SHOPIFY? BigCommerce? BigCartel? Magento Go? OpenCart?

I want to transfer CSV from ETSY. for t-shirts with preview option, which one is the best, I checked magento go they have limit on SKU's, probably will not look at it. about Shopify heard that they charge a lot of fees on everything. Let's say what those guys use:
icecreamtees.com
Very Funny T-Shirts For Sale, Crazy and Cool Tees! - RoadKill
and so on. Thanks


----------



## Butterback (May 16, 2014)

Hi,

You should look into PrestaShop, it's free with no limitations on products. PrestaShop powers over 185,000 stores worldwide. The newest version 1.6 has been met with rave reviews. PrestaShop Review , 
PrestaShop 1.6 Adds Improved Business Intelligence, Other Features » Practical Ecommerce

It's free, feature rich with a low learning curve. To get a better idea of what PrestaShop is, PrestaShop: Ecommerce Software to create your Online Store 

Is there anything specific you are looking for other than having CSV import and preview option.


----------



## Tshirt Terrorist (Aug 24, 2008)

I searched for ecomm platforms, came across this thread - also looking for info on ecomm platforms for my website redesign: T-shirts - Cool, Funny, South African Originals by Tshirt Terrorist 

I've been against cookie cutter sites and my first site is originally scripted, but the costs for this are really high.

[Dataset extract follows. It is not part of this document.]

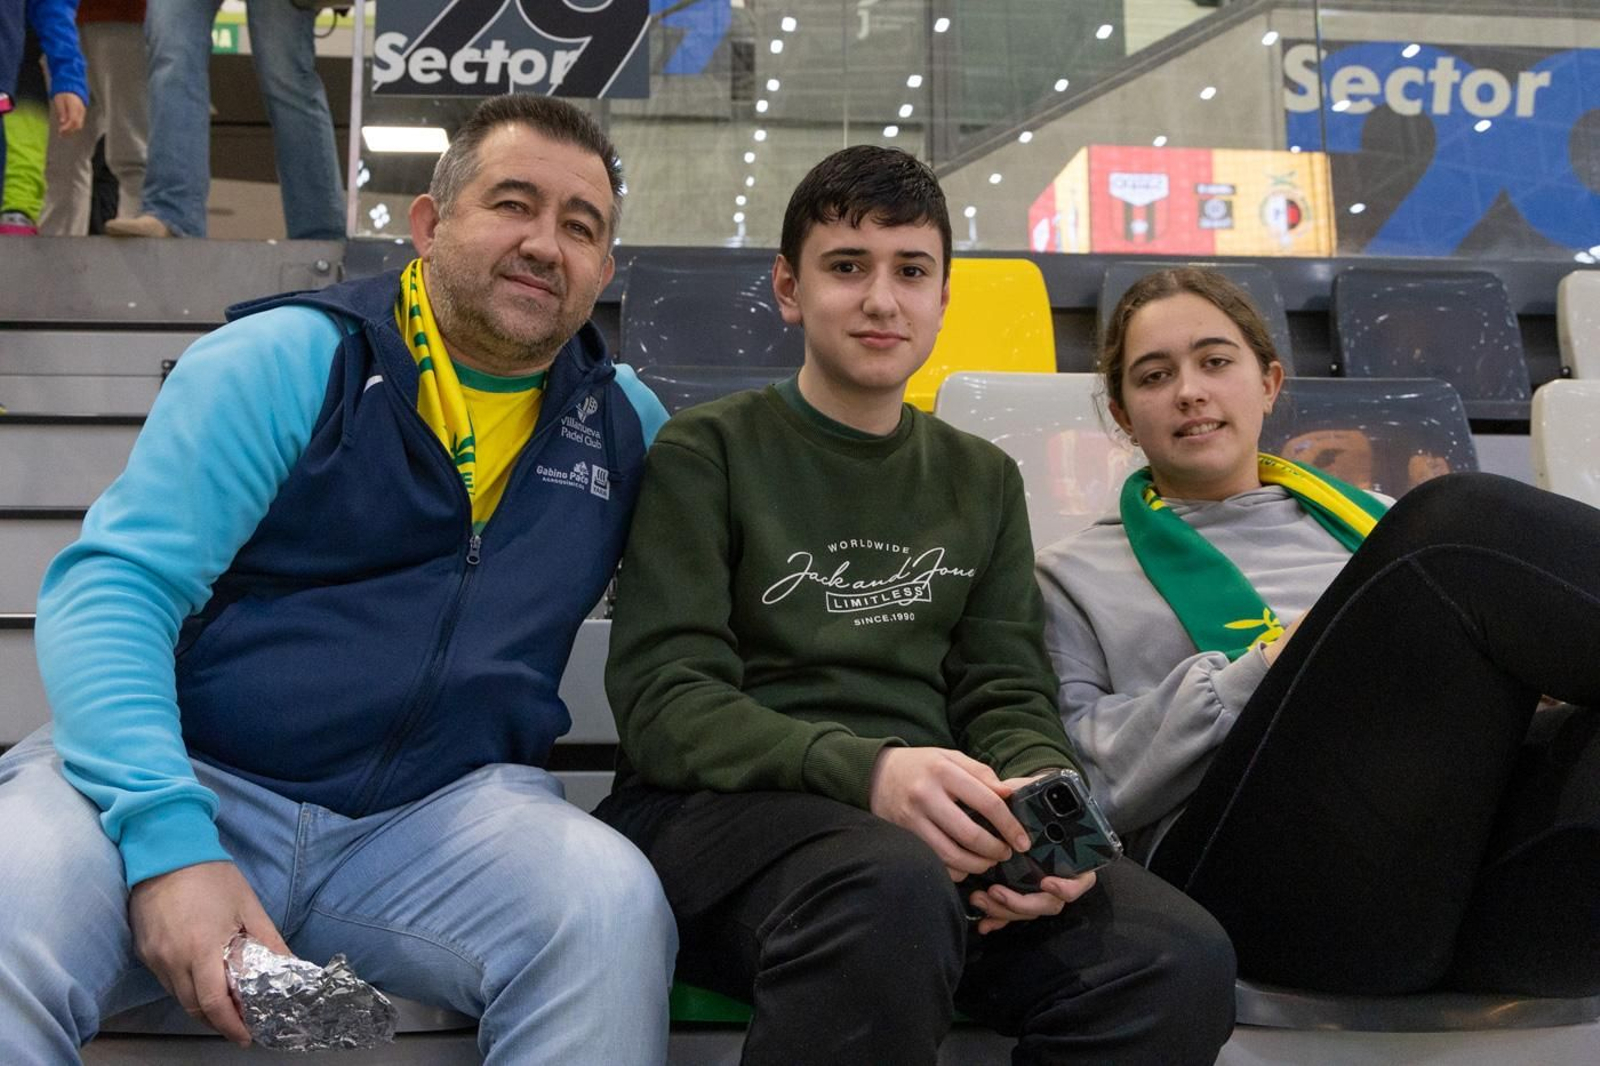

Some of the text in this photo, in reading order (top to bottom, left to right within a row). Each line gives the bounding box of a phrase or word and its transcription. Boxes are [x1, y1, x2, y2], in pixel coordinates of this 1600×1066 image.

I came across Prestashop yesterday and it looks awesome, but the support is costly (if you're dealing in SA Rands). 

Quick questions:

What are Wordpress Divii and Woocommerce?
Which ecommerce platforms have the best support (I'm not a developer)?

Thanks!


----------



## Tshirt Terrorist (Aug 24, 2008)

apologies... meant to say "What about Wordpress..."


----------



## Tshirt Terrorist (Aug 24, 2008)

Is this like a promotional thread for PrestaShop? I'm looking for other sites... I've already seen PrestaShop and yes, it is nice, but one doesn't base one's decision solely on a single option. 

Magento
Shopify
WordPress
PrestaShop 

BigCartel?
BigCommerce? 

These are new to me - thanks! 

Any others? 

Which platforms offer the best/ cheapest support? 
Which platforms deliver the most reliable checkout service?

Apologies for all the questions, and thanking in advance for all the answers


----------



## aimagedesign (Sep 2, 2009)

Wordpress is a great platform. But you're pretty much on your own. Though there's lots of 'free' support. But that takes time. 
You could turn to a service like fiver or freelancer. But after the fact maintenance of the site is upto you. 
Woocommerce is great. But they update often. And often that creates conflicts with the plugins you maybe using.

Look through the forum, you will see the experiences are all over the place. Ultimately it comes down to costs and your time.


----------



## Posylane (Mar 3, 2011)

Magento GO is shutting down in 2015.


----------



## PatriS (Dec 25, 2014)

And I would point out Shopify. I started with Basic pricing plan ($29) which for my small store was absolutely enough. Why I recommend it is its ease of use and catchy layouts. It doesn’t limit adding products and offers cool SEO options. Yees, and 24/7 support, in addition. 
Before, I used Big Cartel that offers lots of customization features, but I didn’t find it really convenient and hesitated to change . After consultation on forums and reading pages of artlces like this (Big Cartel vs Shopify ? Running Online Business with Pleasure), I made a decision to leave Big Cartel. I don’t regret


----------